Jest rzeczą oczywistą, że biorąc ślub dostajemy „gratis” rodzinę naszego wybranka, o ile takową on tylko posiada. Bohater książki również ją otrzymuje, ale jest to rodzina nie byle jaka: Antonio Marcipane – ojciec małżonki naszego bohatera jest bowiem Włochem z krwi i kości zamieszkałym od lat w Niemczech. To długotrwałe przebywanie na obczyźnie wcale nie przeszkadza mu kaleczyć języka kraju, który przyjął go przed wielu laty, gdy zdecydował się opuścić rodzinny kraj w poszukiwaniu nowych perspektyw i pieniędzy, jak też głosić swoich włoskich poglądów na życie w każdym miejscu, w którym się pojawi. Mądrości te to swoiste perełki z cyklu: „Jak żyć”, niektóre potrafiące rozśmieszyć do łez, inne budzą co najmniej zdziwienie, natomiast wszystkie idealnie pasują do barwnej osobowości pana Marcipane, bez którego ta książka nie byłaby nawet w połowie tak interesująca. Powieść ta powinna w zasadzie nosić tytuł: „Teść po włosku”, gdyż w gruncie rzeczy to wokół tej persony koncentruje się jej akcja.

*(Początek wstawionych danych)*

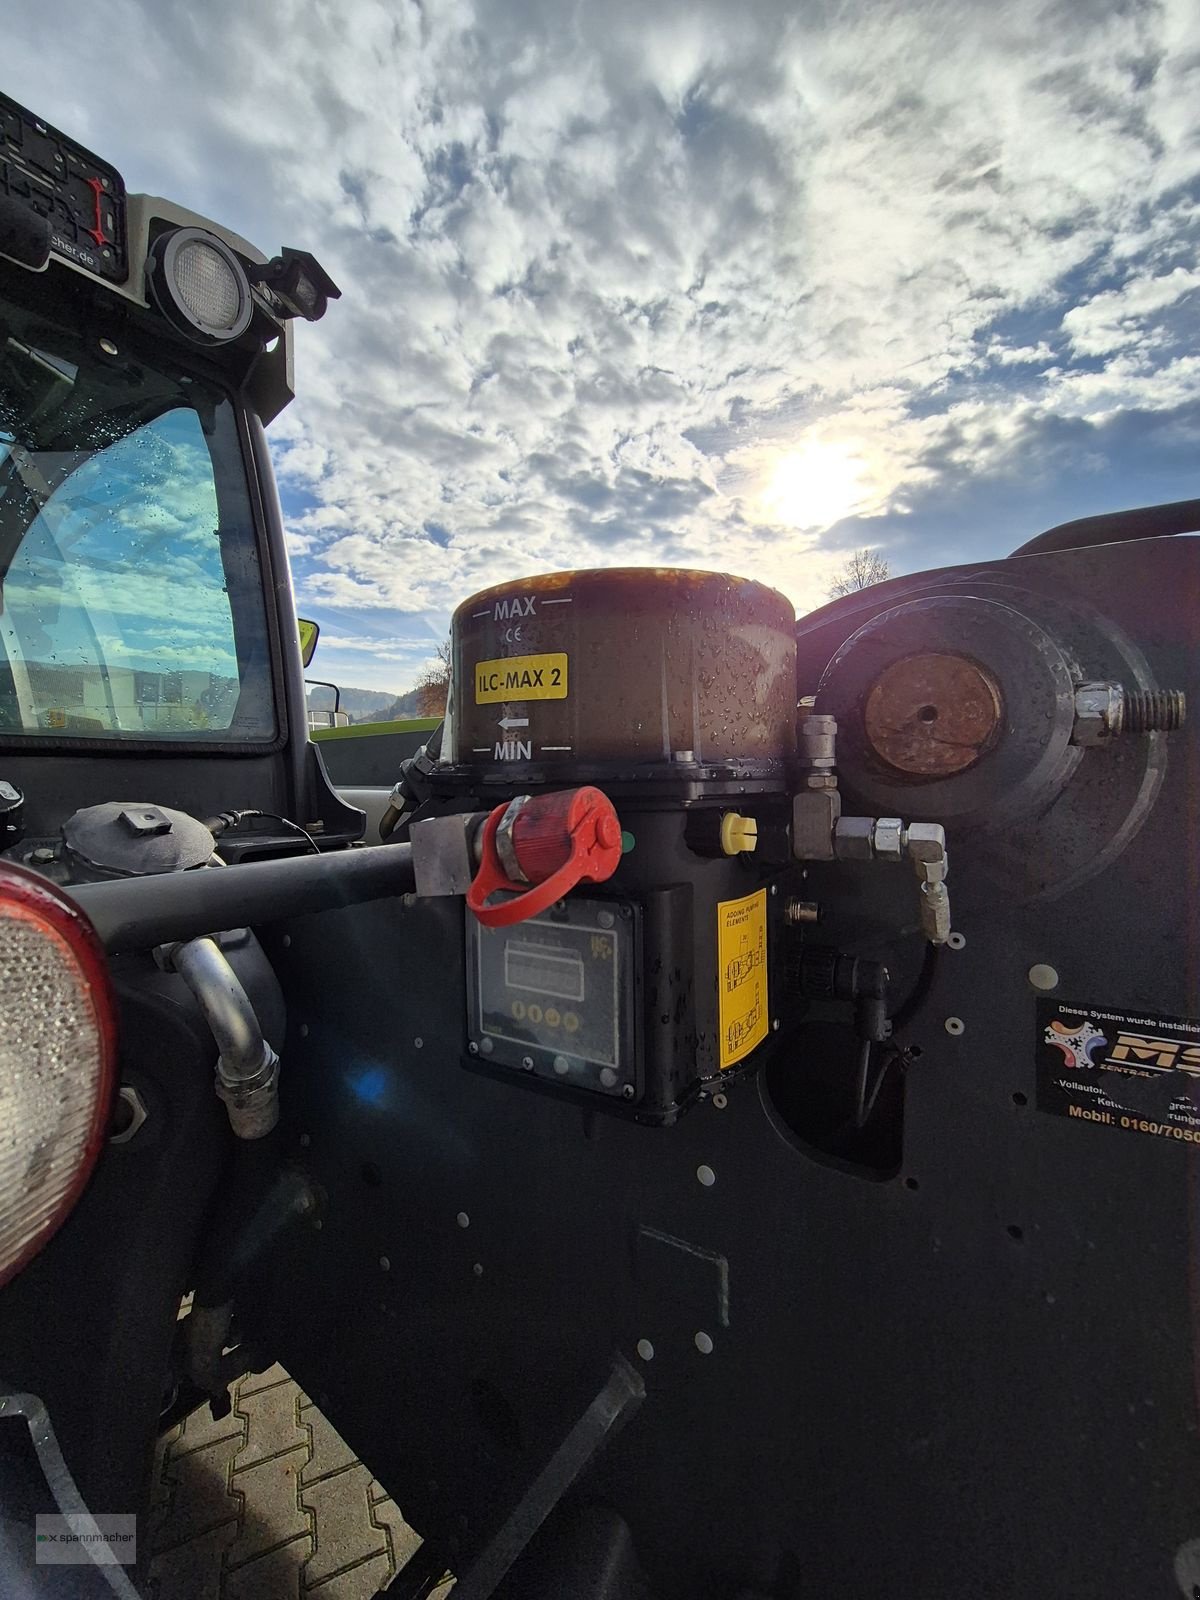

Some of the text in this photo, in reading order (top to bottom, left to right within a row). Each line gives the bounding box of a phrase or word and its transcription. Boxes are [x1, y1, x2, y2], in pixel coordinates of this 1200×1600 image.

Zabawna akcja, należałoby dodać. Obfitująca w śmieszne zdarzenia wynikające w dużej mierze z różnorodności i odmienności kulturowej obu nacji, które na jej kartach bezustannie się ścierają. Skomplikowane włoskie obyczaje, rodzinne święta, wakacyjne wojaże – to wszystko czeka głównego bohatera wychowanego w odmiennej kulturze i tradycji.

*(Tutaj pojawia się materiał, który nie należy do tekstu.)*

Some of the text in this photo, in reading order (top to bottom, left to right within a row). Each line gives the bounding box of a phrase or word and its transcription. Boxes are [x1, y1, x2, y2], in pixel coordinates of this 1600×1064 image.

A wszystko opisane z ironią, w inteligentnie prześmiewczym stylu charakteryzującym autora sprawia, że opowiadana przez niego historia bawi nas jak najlepsza komedia, a momentami wzrusza jak prawdziwy melodramat. Jest na jej stronach walka ze stereotypami, doskonale i celnie przez autora przedstawionymi, jest też kronika wielopokoleniowej rodziny, która, choć uwikłana w odwieczne waśnie, potrafi się, kiedy trzeba, zjednoczyć.